• _WORK ORDER_
An exact copy of every record, with no pictures, please.

• _RECORDS FOR THIS TASK_
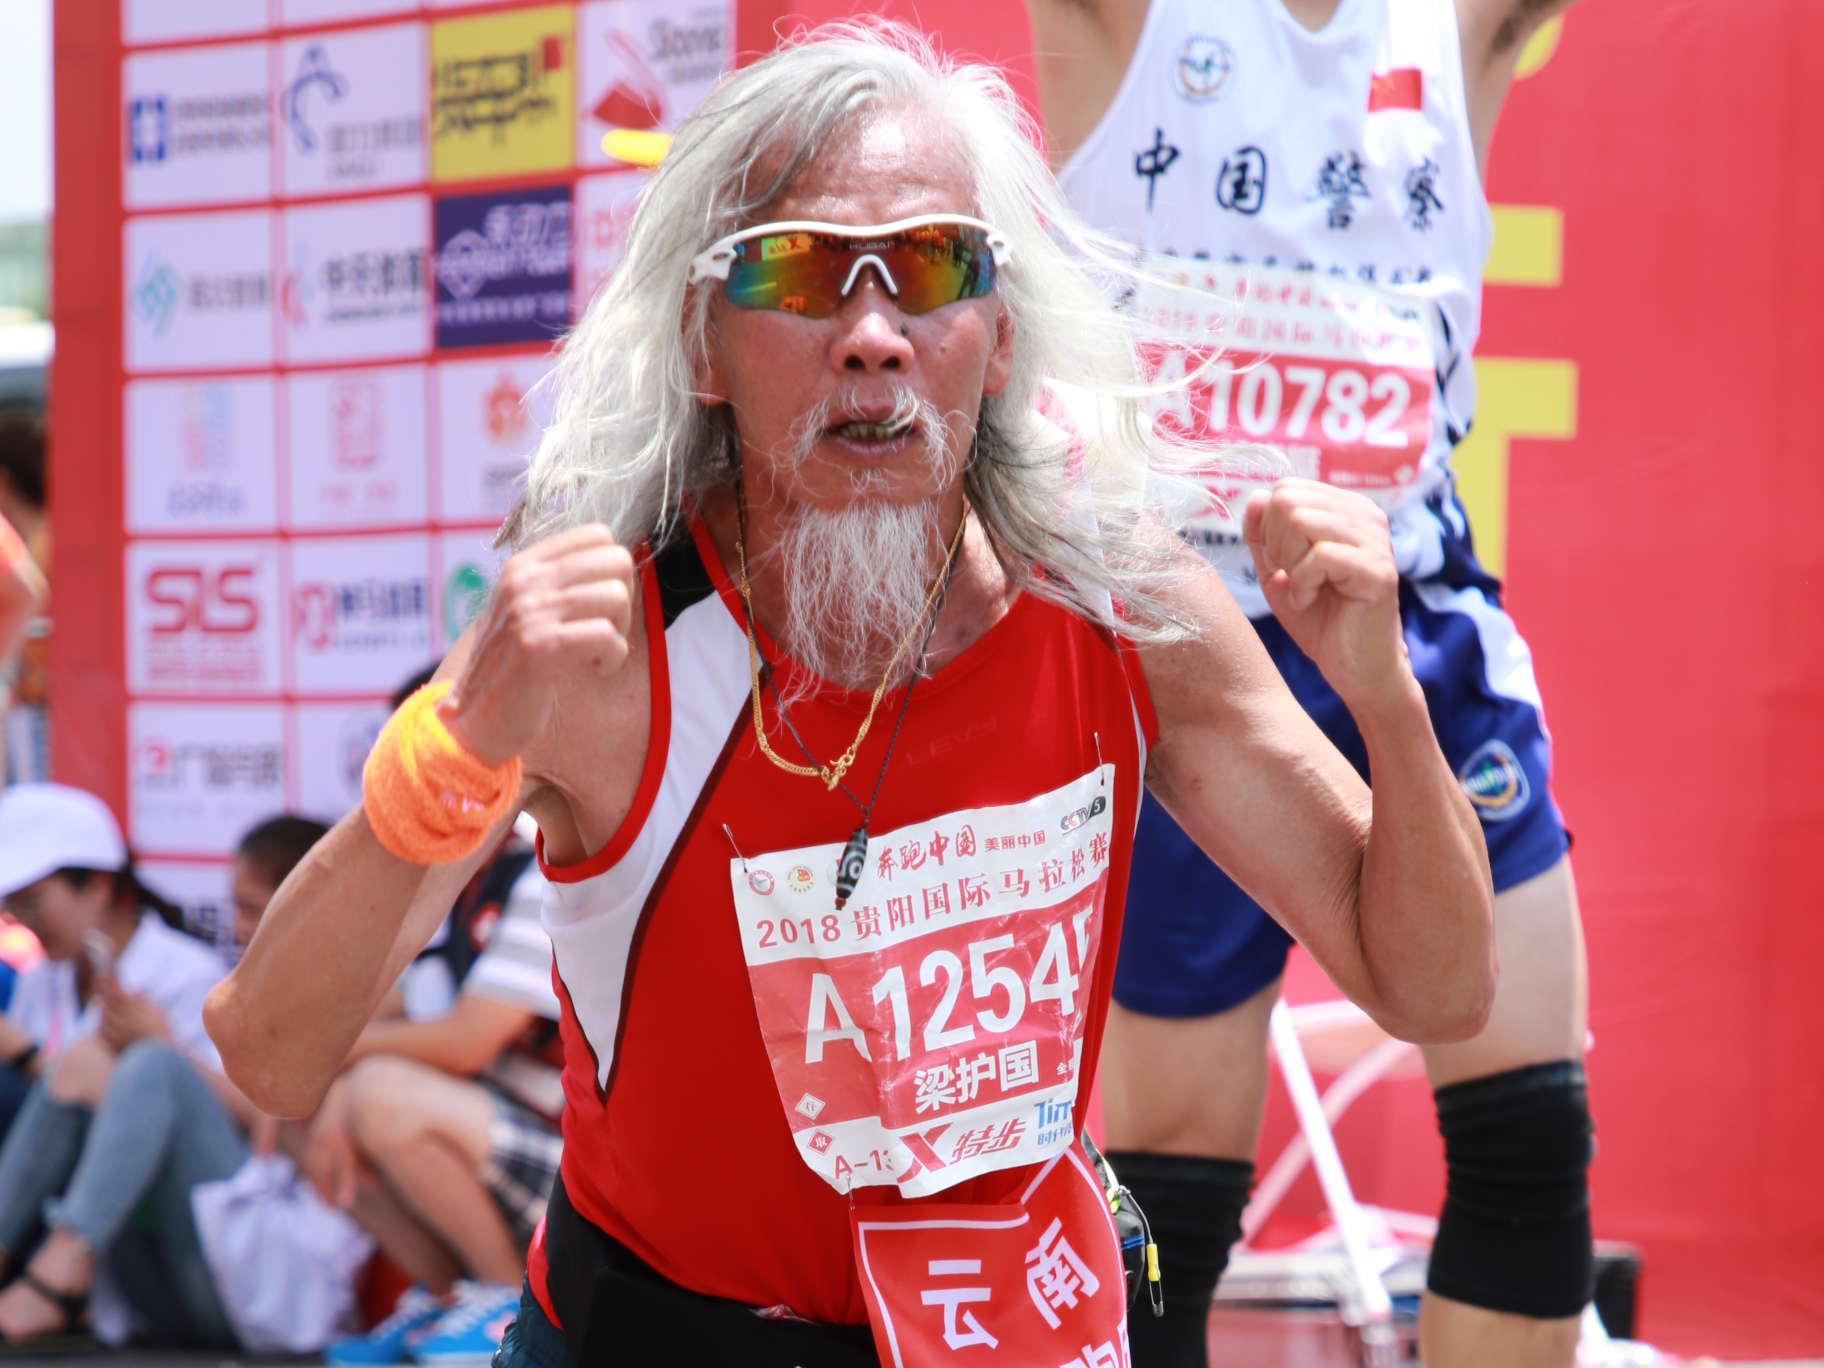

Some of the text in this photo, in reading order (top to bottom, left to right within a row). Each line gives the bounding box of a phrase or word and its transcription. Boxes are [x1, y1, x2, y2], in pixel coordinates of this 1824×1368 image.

[1135, 128, 1443, 231] 中国警察
[1150, 352, 1412, 448] A10782
[877, 824, 977, 881] 奔跑中国
[985, 829, 1046, 852] 美丽中国
[914, 1040, 1039, 1114] 梁护国
[949, 1117, 1027, 1165] 特步
[921, 1217, 1100, 1350] 云南

• _EXERCISE OUTPUT_
Some of the text in this photo, in reading order (top to bottom, left to right within a row). Each line gives the bounding box of a phrase or word and its transcription. Boxes are [x1, y1, x2, y2], in pixel coordinates of this 1824×1368 image.

[1135, 128, 1443, 231] 中国警察
[1150, 352, 1412, 448] A10782
[877, 824, 977, 881] 奔跑中国
[985, 829, 1046, 852] 美丽中国
[914, 1040, 1039, 1114] 梁护国
[949, 1117, 1027, 1165] 特步
[921, 1217, 1100, 1350] 云南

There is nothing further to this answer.